• What to work on:
Give all of the listing again word for word, with images excluded.
* * * * * * *
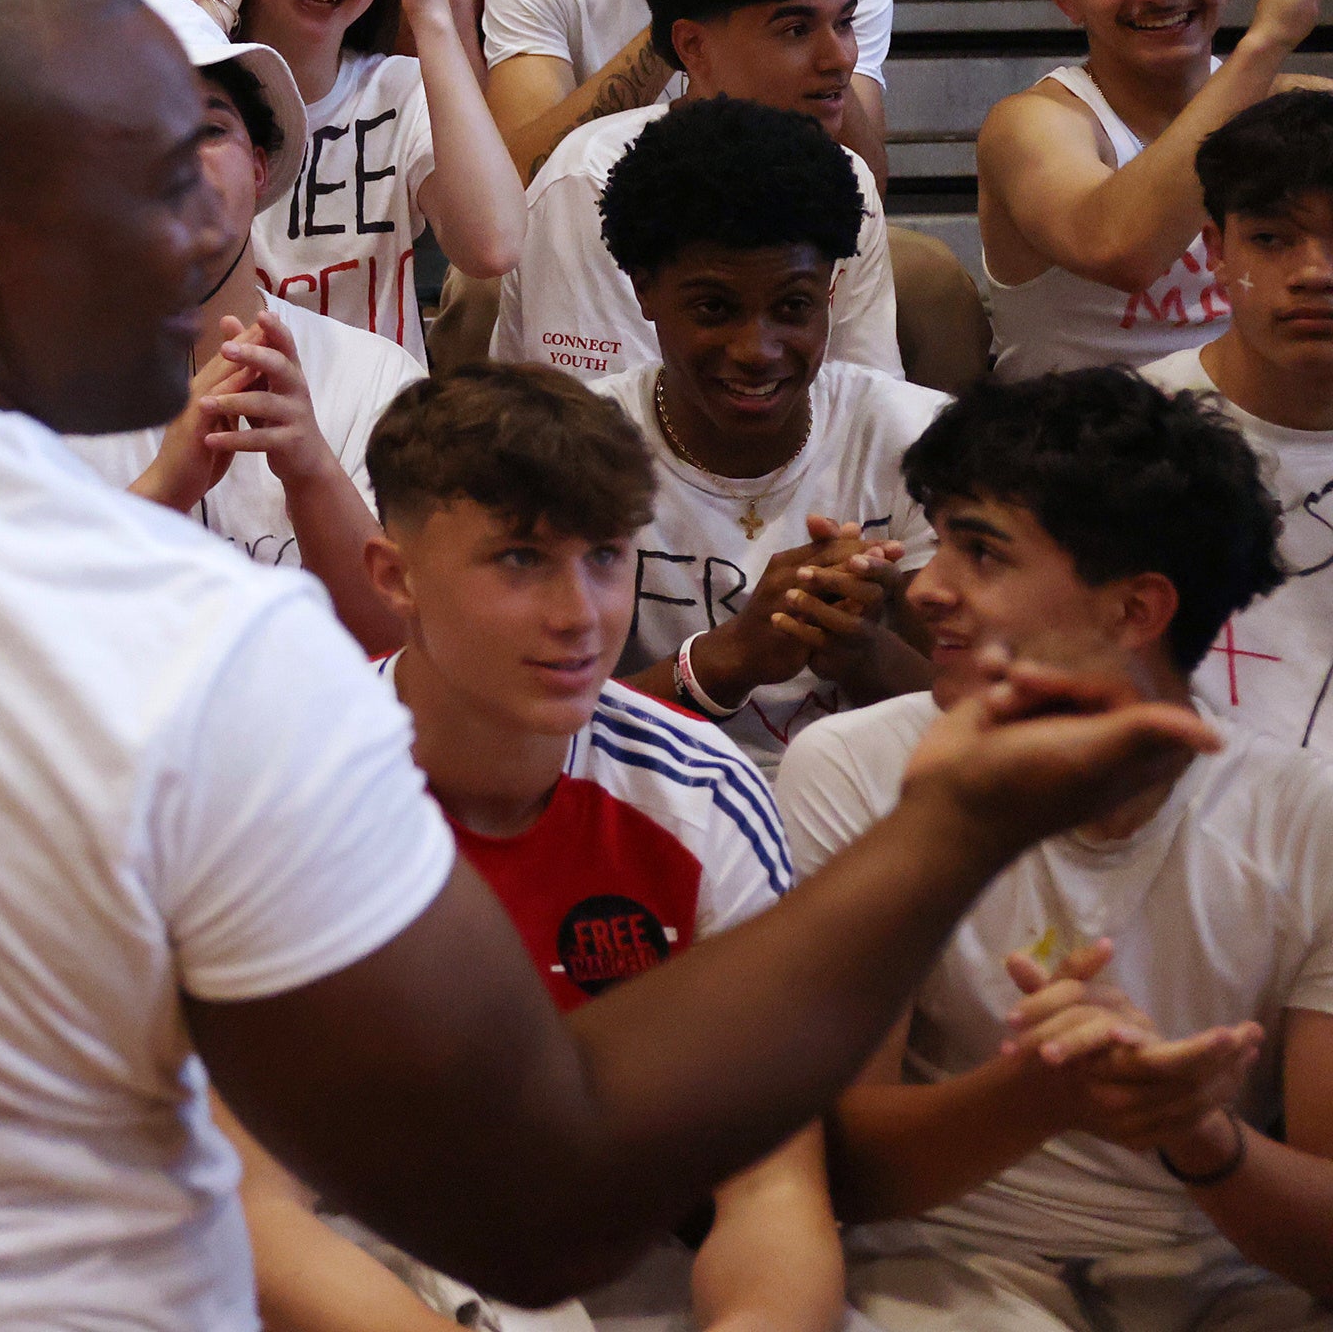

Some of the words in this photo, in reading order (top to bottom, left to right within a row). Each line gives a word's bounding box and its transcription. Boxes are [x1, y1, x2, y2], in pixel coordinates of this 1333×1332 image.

[542, 332, 622, 354] CONNECT
[549, 351, 608, 372] YOUTH
[573, 913, 651, 956] FREE
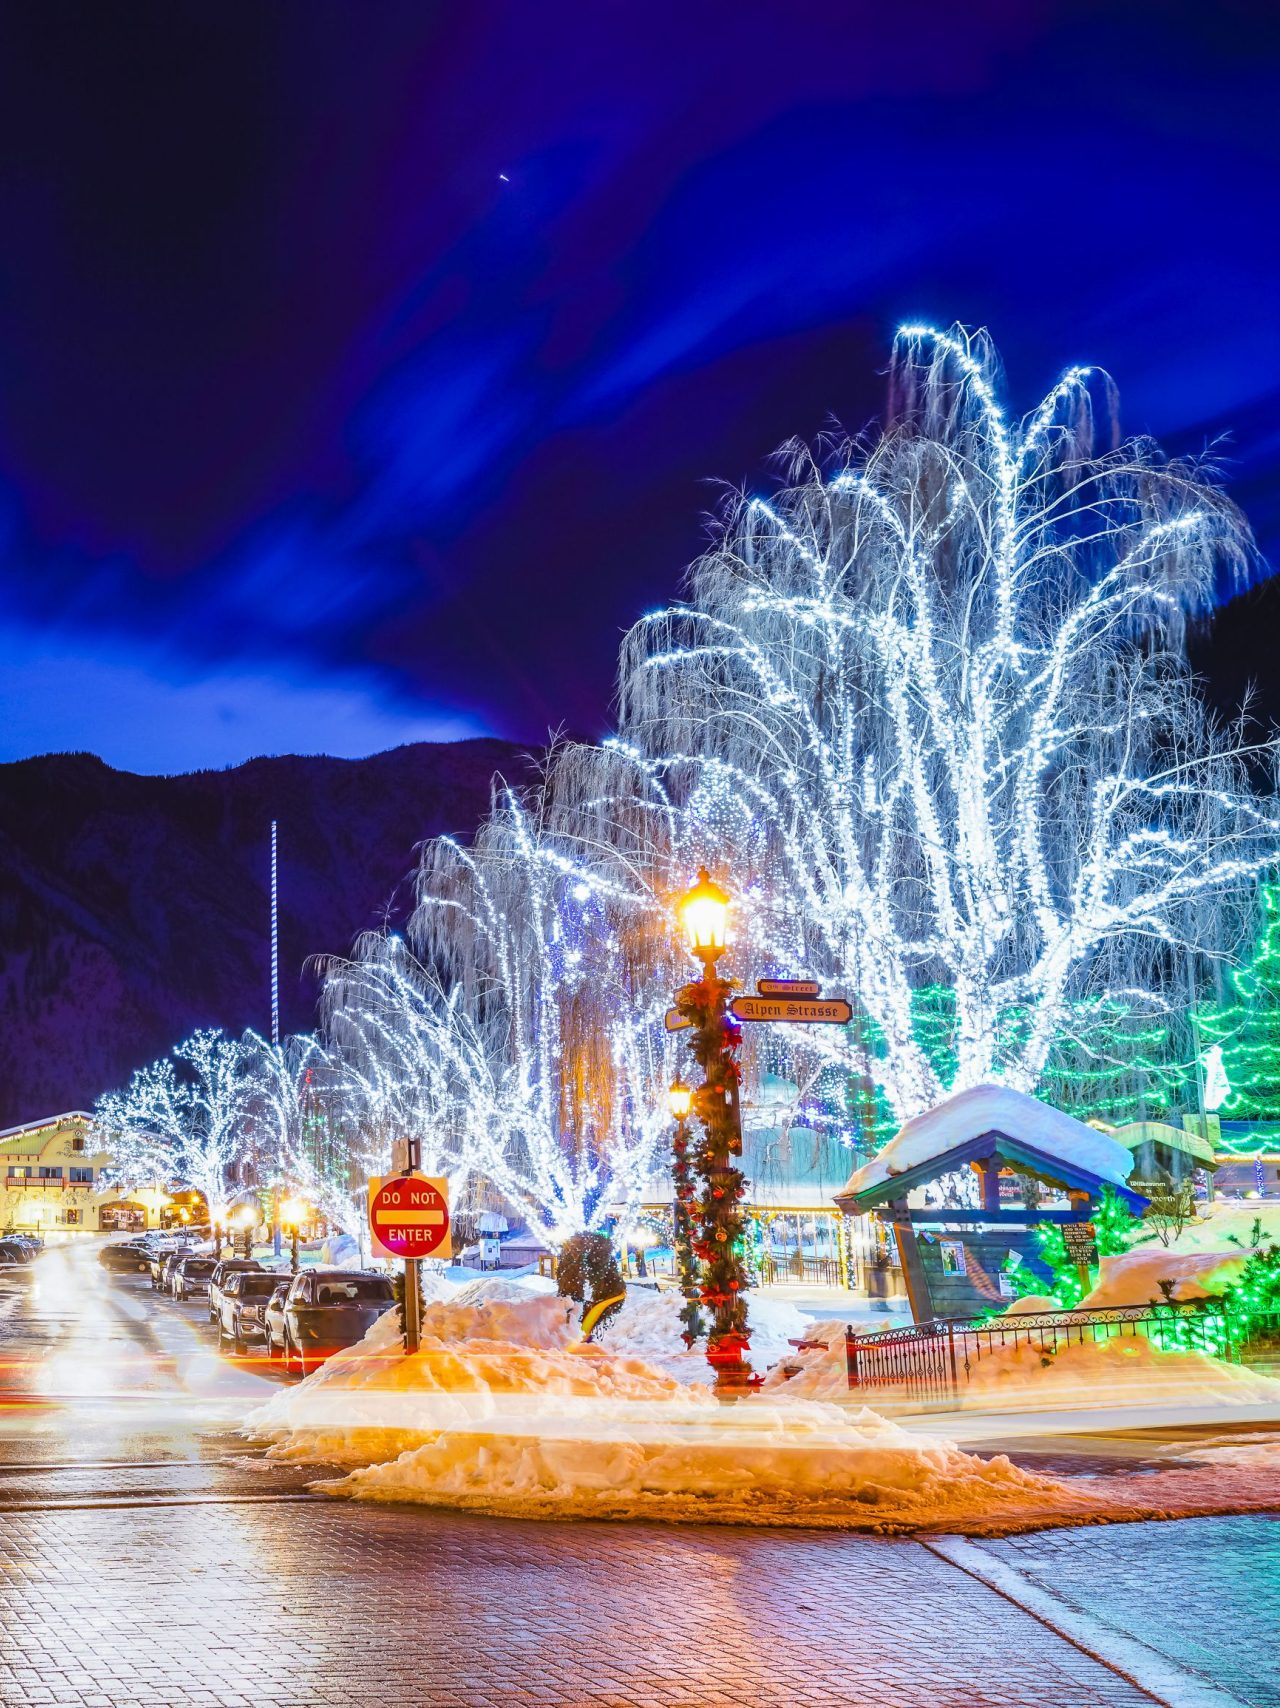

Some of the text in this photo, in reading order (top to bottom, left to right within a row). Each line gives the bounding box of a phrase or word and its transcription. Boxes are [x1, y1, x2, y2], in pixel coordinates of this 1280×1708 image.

[782, 984, 813, 992] Street
[744, 1002, 839, 1018] Alpen Strasse
[382, 1191, 437, 1205] DO NOT
[388, 1228, 433, 1242] ENTER
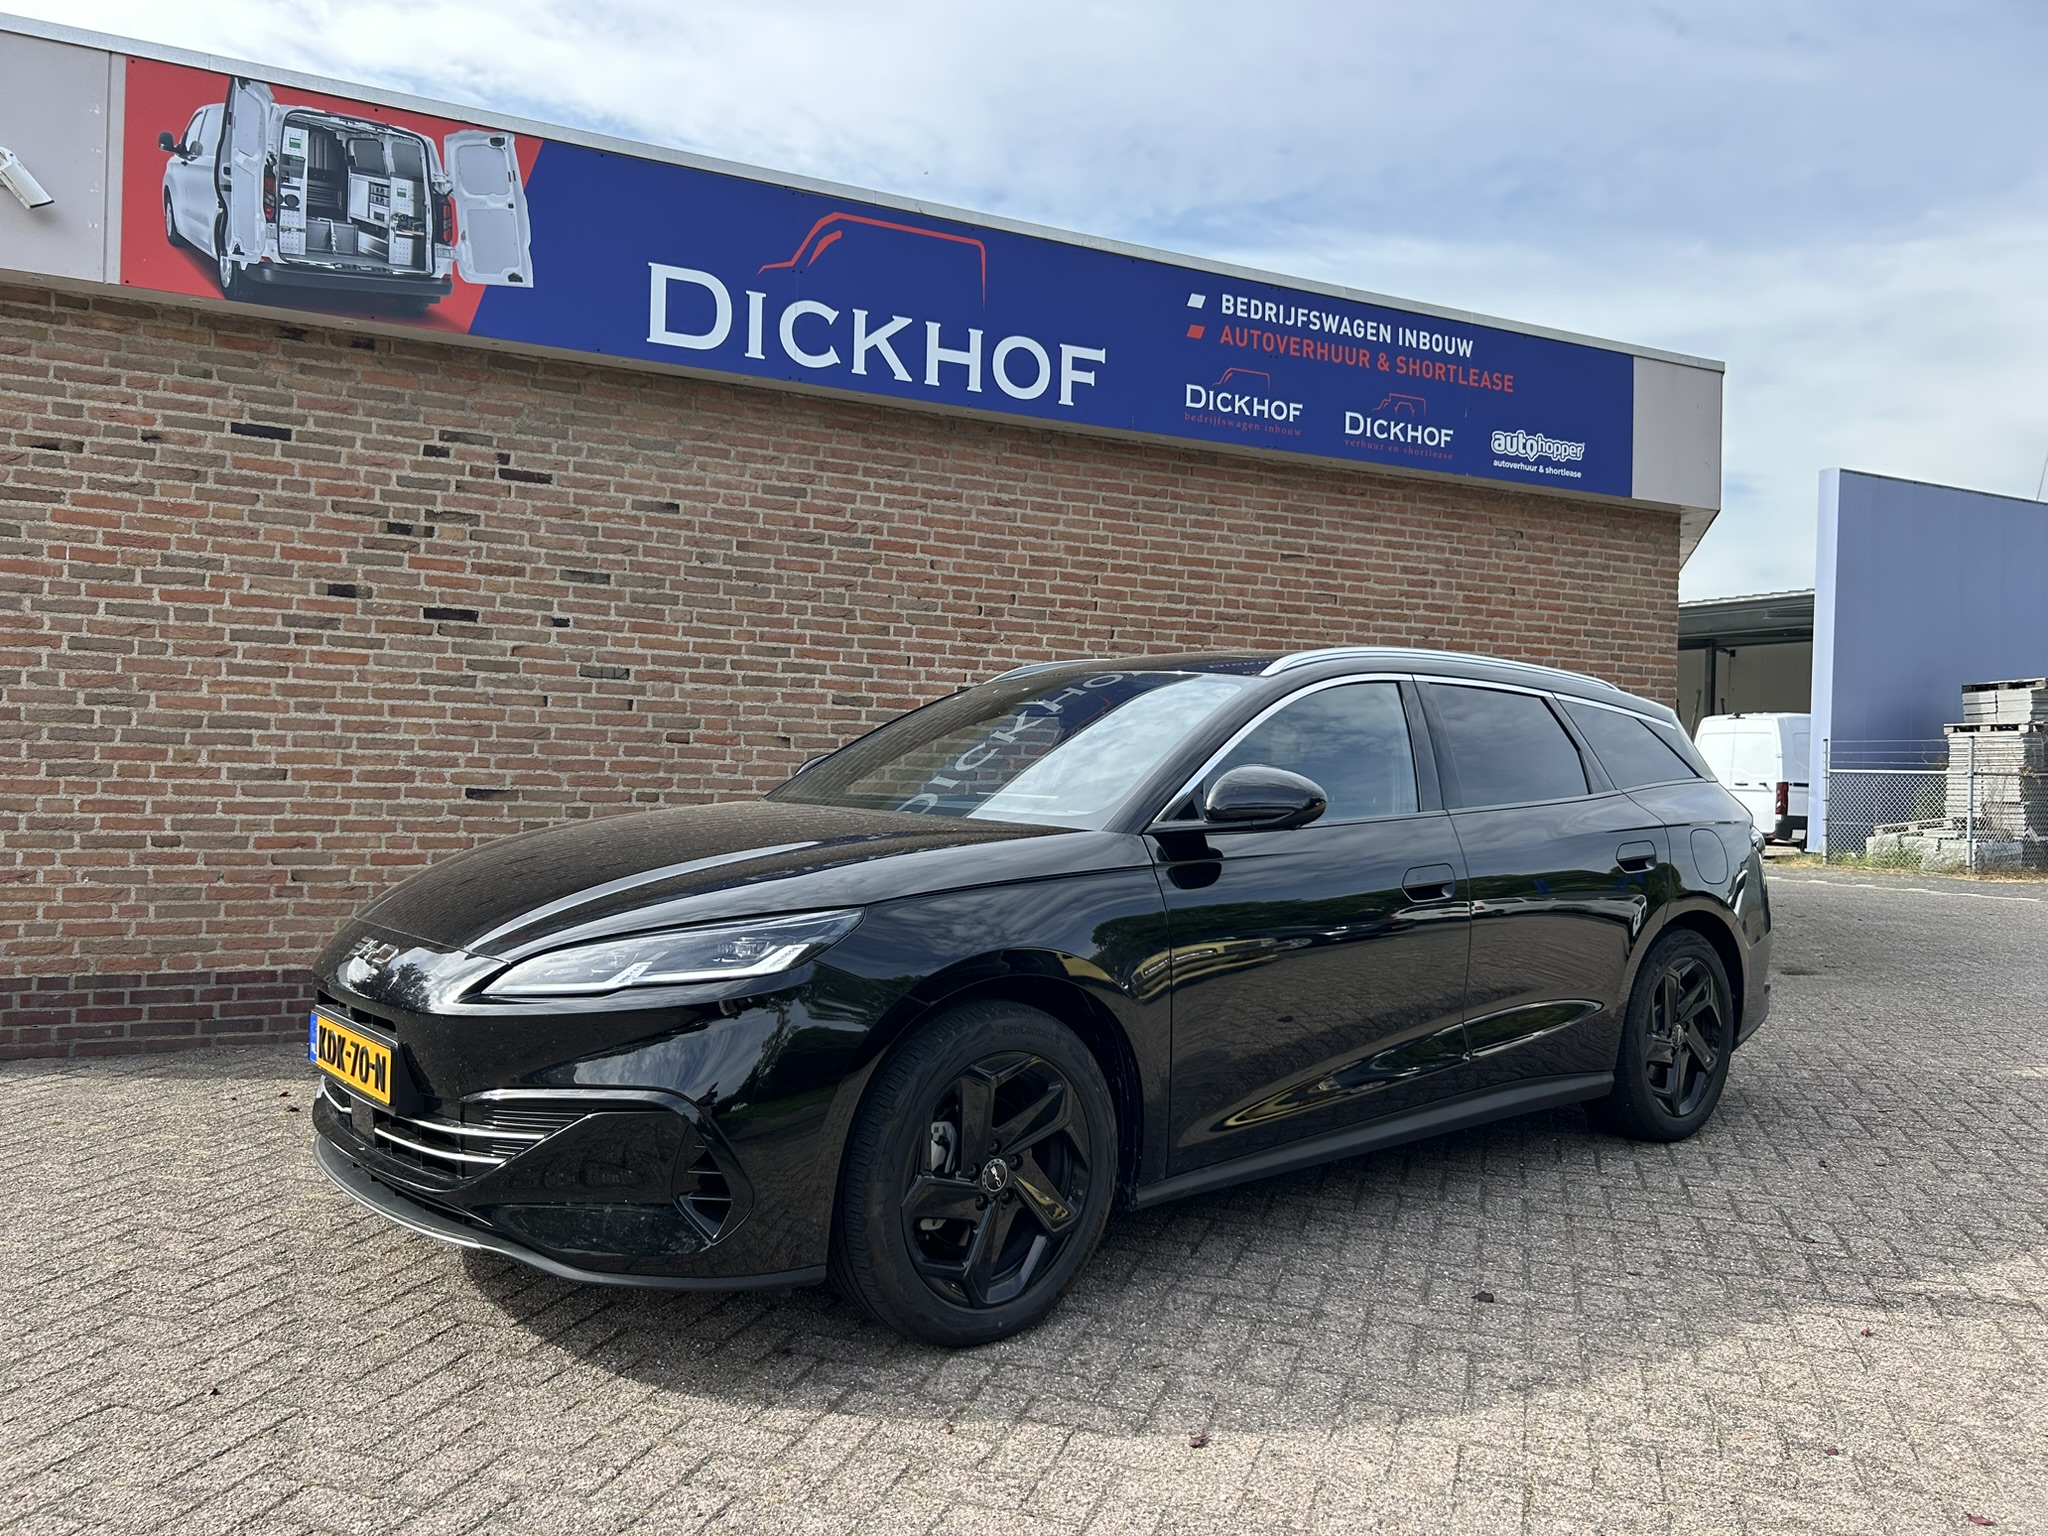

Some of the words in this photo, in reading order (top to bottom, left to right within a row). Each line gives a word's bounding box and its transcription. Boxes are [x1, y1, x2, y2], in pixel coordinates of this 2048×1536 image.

[646, 262, 1106, 406] DICKHOF
[1221, 294, 1391, 343] BEDRIJFSWAGEN
[1398, 327, 1474, 358] INBOUW
[1219, 325, 1370, 369] AUTOVERHUUR
[1377, 352, 1390, 372] &
[1396, 355, 1514, 393] SHORTLEASE
[1185, 383, 1303, 422] DICKHOF
[1184, 412, 1260, 432] bedrijfswagen
[1264, 424, 1302, 436] inbouw
[1344, 411, 1454, 448] DICKHOF
[1344, 439, 1384, 451] verhuur
[1388, 444, 1399, 453] en
[1403, 445, 1454, 461] shortlease
[1491, 430, 1584, 462] autohopper
[1492, 459, 1537, 473] autoverhuur
[1538, 465, 1544, 473] &
[1545, 466, 1582, 478] shortlease
[318, 1024, 387, 1095] KDK-70-N
* * * * * * *
• Finished exercise:
Some of the words in this photo, in reading order (top to bottom, left to right within a row). Each line gives a word's bounding box and its transcription. Boxes are [x1, y1, x2, y2], in pixel coordinates of this 1333×1332 image.

[542, 332, 622, 354] CONNECT
[549, 351, 608, 372] YOUTH
[573, 913, 651, 956] FREE

Some of the text in this photo, in reading order (top to bottom, left to right within a row). Each line gives the bounding box of a phrase or word and its transcription. Boxes are [x1, y1, x2, y2], in pixel coordinates of this 1280×1708 image.

[782, 984, 813, 992] Street
[744, 1002, 839, 1018] Alpen Strasse
[382, 1191, 437, 1205] DO NOT
[388, 1228, 433, 1242] ENTER

Some of the words in this photo, in reading order (top to bottom, left to right within a row). Each line gives a word's bounding box and its transcription. Boxes are [x1, y1, x2, y2], in pixel coordinates of this 2048×1536 image.

[646, 262, 1106, 406] DICKHOF
[1221, 294, 1391, 343] BEDRIJFSWAGEN
[1398, 327, 1474, 358] INBOUW
[1219, 325, 1370, 369] AUTOVERHUUR
[1377, 352, 1390, 372] &
[1396, 355, 1514, 393] SHORTLEASE
[1185, 383, 1303, 422] DICKHOF
[1184, 412, 1260, 432] bedrijfswagen
[1264, 424, 1302, 436] inbouw
[1344, 411, 1454, 448] DICKHOF
[1344, 439, 1384, 451] verhuur
[1388, 444, 1399, 453] en
[1403, 445, 1454, 461] shortlease
[1491, 430, 1584, 462] autohopper
[1492, 459, 1537, 473] autoverhuur
[1538, 465, 1544, 473] &
[1545, 466, 1582, 478] shortlease
[318, 1024, 387, 1095] KDK-70-N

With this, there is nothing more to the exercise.